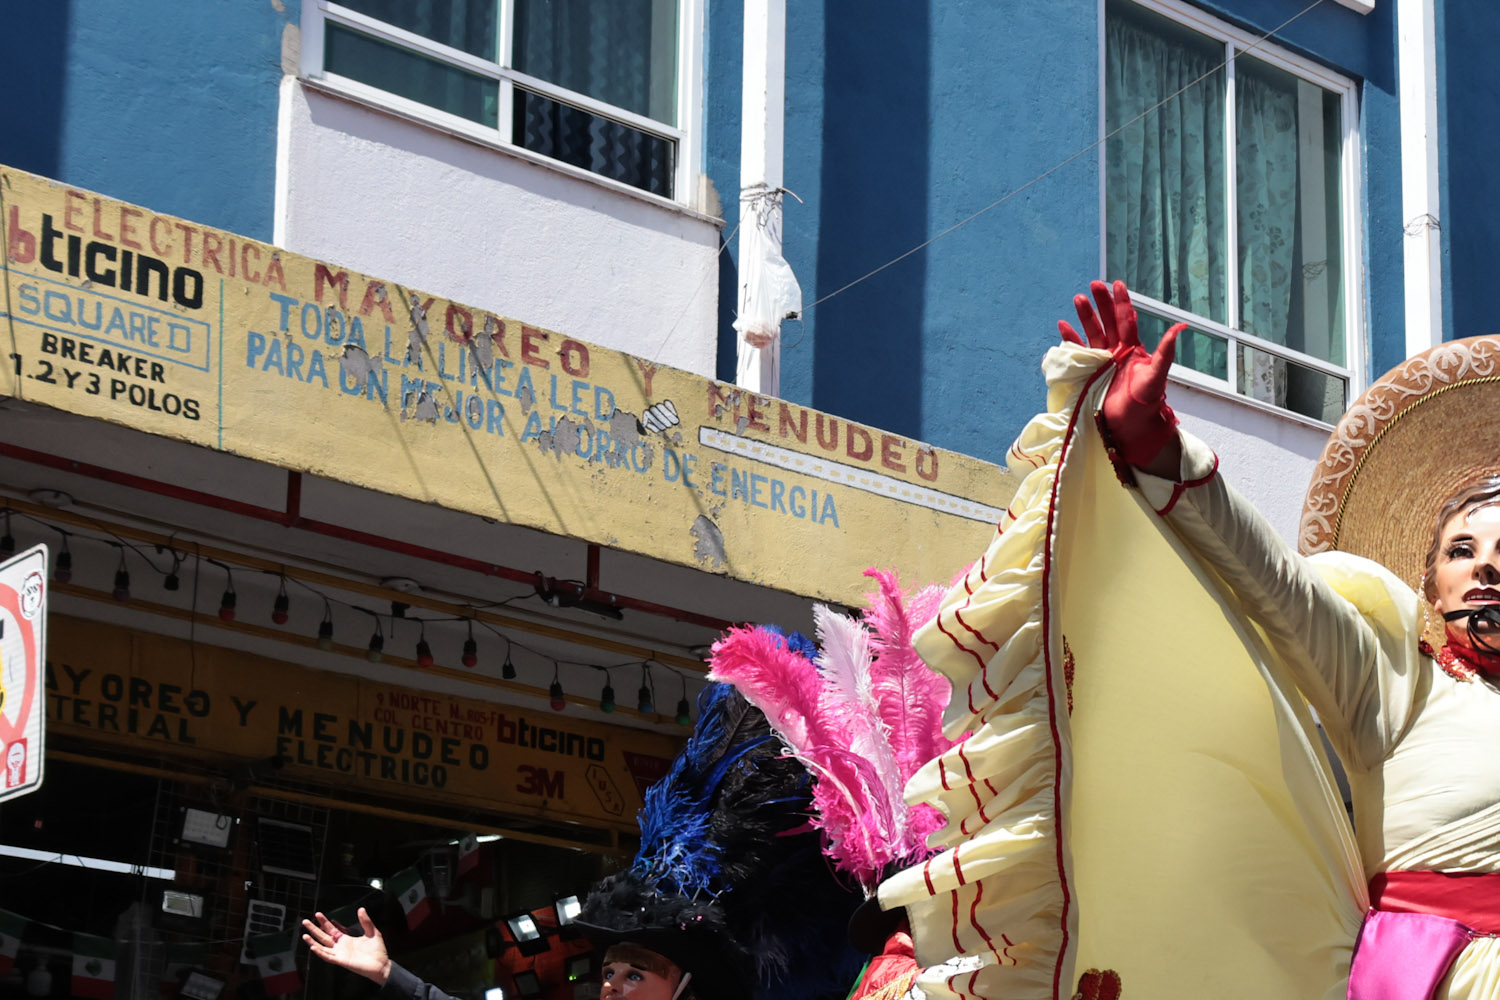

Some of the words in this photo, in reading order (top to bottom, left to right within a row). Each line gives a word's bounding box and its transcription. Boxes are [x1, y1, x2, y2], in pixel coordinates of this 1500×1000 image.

[8, 204, 204, 310] bticino
[41, 332, 165, 384] BREAKER
[64, 190, 288, 292] ELECTRICA
[636, 358, 658, 398] Y
[707, 381, 939, 483] MENUDEO
[269, 291, 367, 350] TODA
[438, 341, 537, 405] LINEA
[550, 373, 617, 422] LED
[63, 367, 81, 389] Y
[85, 372, 101, 396] 3
[110, 378, 200, 421] POLOS
[246, 330, 329, 389] PARA
[663, 447, 698, 489] DE
[711, 461, 840, 529] ENERGIA
[46, 660, 211, 718] AYOREO
[230, 695, 258, 727] Y
[278, 705, 489, 771] MENUDEO
[46, 693, 197, 744] TERIAL
[276, 735, 447, 789] ELECTRICO
[389, 691, 441, 716] NORTE
[412, 714, 484, 741] CENTRO
[496, 713, 605, 762] bticino
[516, 764, 565, 800] 3M

────────────────────────────────────────

→ **What you should do**
Make an exact copy of all entries above, dropping the images.

→ **Task response**
Some of the words in this photo, in reading order (top to bottom, left to right within a row). Each line gives a word's bounding box and its transcription. Boxes are [x1, y1, x2, y2], in pixel coordinates of this 1500×1000 image.

[8, 204, 204, 310] bticino
[41, 332, 165, 384] BREAKER
[64, 190, 288, 292] ELECTRICA
[636, 358, 658, 398] Y
[707, 381, 939, 483] MENUDEO
[269, 291, 367, 350] TODA
[438, 341, 537, 405] LINEA
[550, 373, 617, 422] LED
[63, 367, 81, 389] Y
[85, 372, 101, 396] 3
[110, 378, 200, 421] POLOS
[246, 330, 329, 389] PARA
[663, 447, 698, 489] DE
[711, 461, 840, 529] ENERGIA
[46, 660, 211, 718] AYOREO
[230, 695, 258, 727] Y
[278, 705, 489, 771] MENUDEO
[46, 693, 197, 744] TERIAL
[276, 735, 447, 789] ELECTRICO
[389, 691, 441, 716] NORTE
[412, 714, 484, 741] CENTRO
[496, 713, 605, 762] bticino
[516, 764, 565, 800] 3M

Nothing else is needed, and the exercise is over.